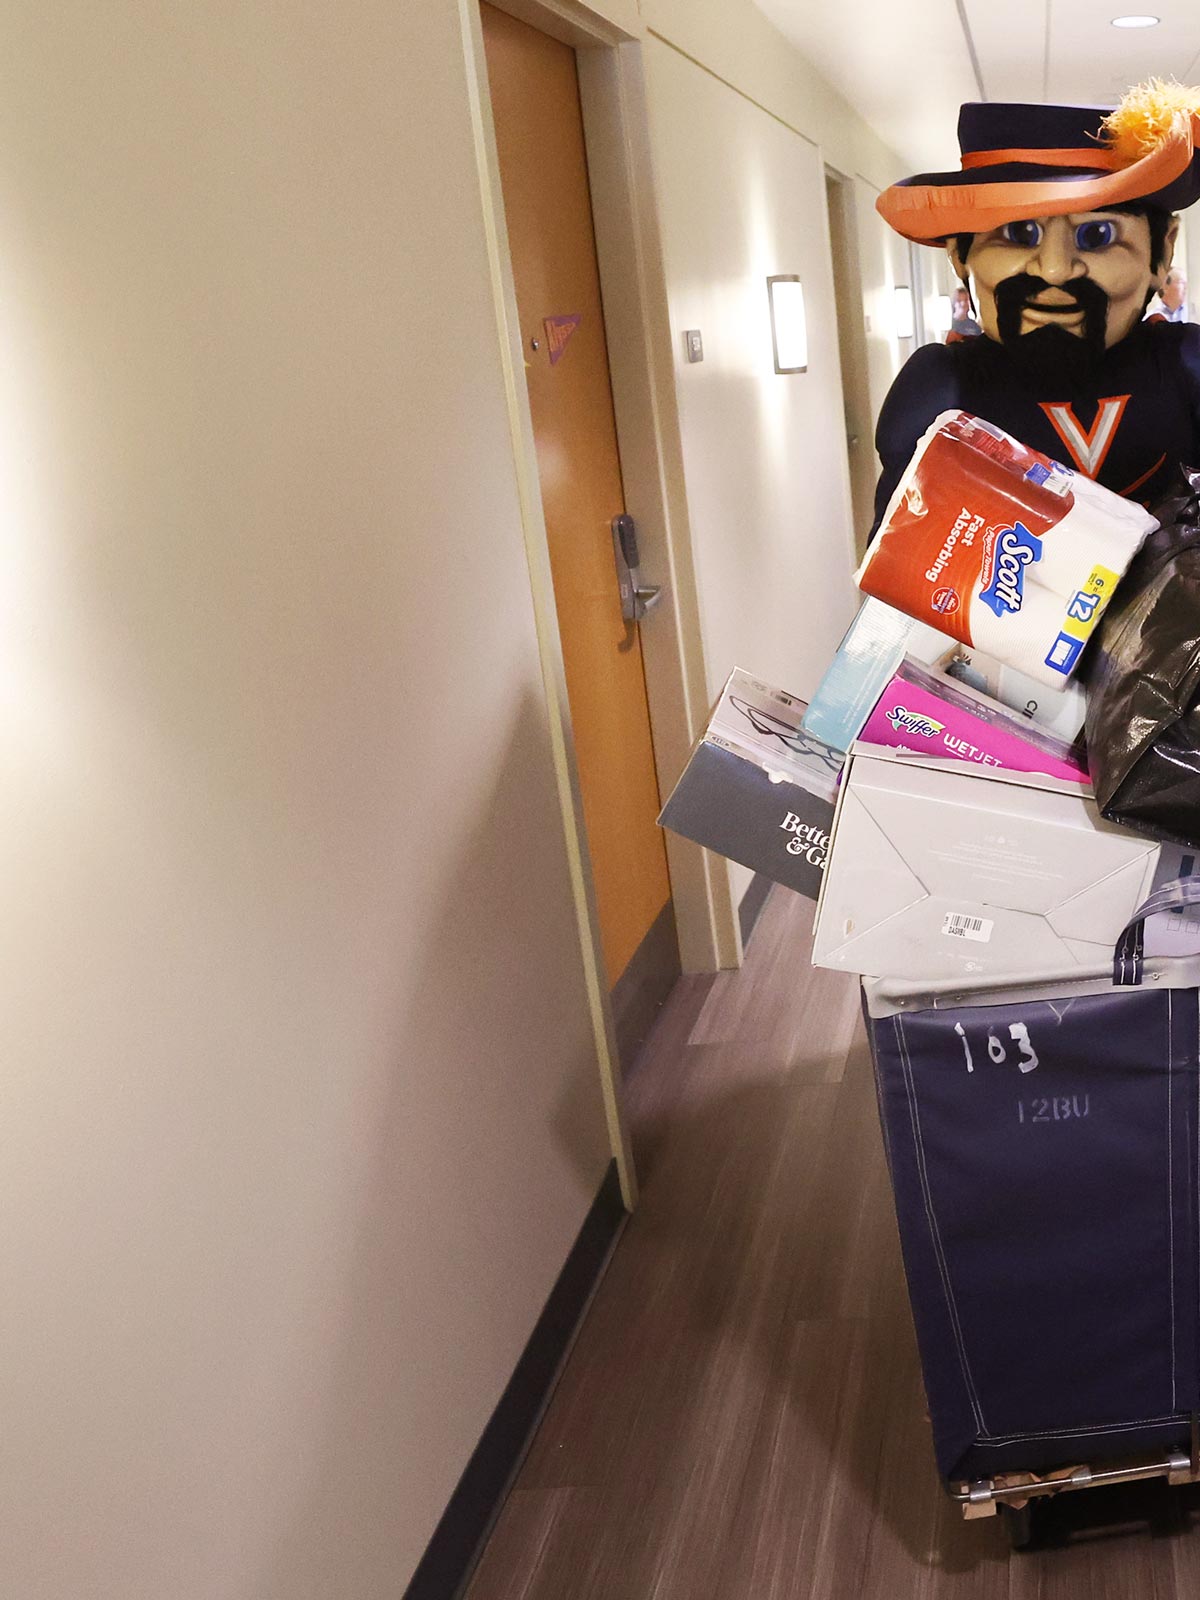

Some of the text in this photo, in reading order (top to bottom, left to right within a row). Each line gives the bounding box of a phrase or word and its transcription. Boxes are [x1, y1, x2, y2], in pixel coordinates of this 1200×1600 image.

[1037, 395, 1132, 480] V
[925, 507, 974, 583] Absorbing
[961, 513, 986, 547] Fast
[995, 532, 1034, 612] Scott
[1068, 590, 1101, 623] 12
[886, 706, 940, 739] Swiffer
[954, 1022, 1039, 1074] 103
[1018, 1094, 1089, 1124] 12BU
- - -
(EXERCISE PROMPT)
Verbatim reproduction of every entry is needed, with the images left out.

(TASK OUTPUT)
Some of the text in this photo, in reading order (top to bottom, left to right within a row). Each line gives the bounding box of a phrase or word and its transcription. Boxes are [x1, y1, x2, y2], in pixel coordinates of this 1200×1600 image.

[1037, 395, 1132, 480] V
[925, 507, 974, 583] Absorbing
[961, 513, 986, 547] Fast
[995, 532, 1034, 612] Scott
[1068, 590, 1101, 623] 12
[886, 706, 940, 739] Swiffer
[954, 1022, 1039, 1074] 103
[1018, 1094, 1089, 1124] 12BU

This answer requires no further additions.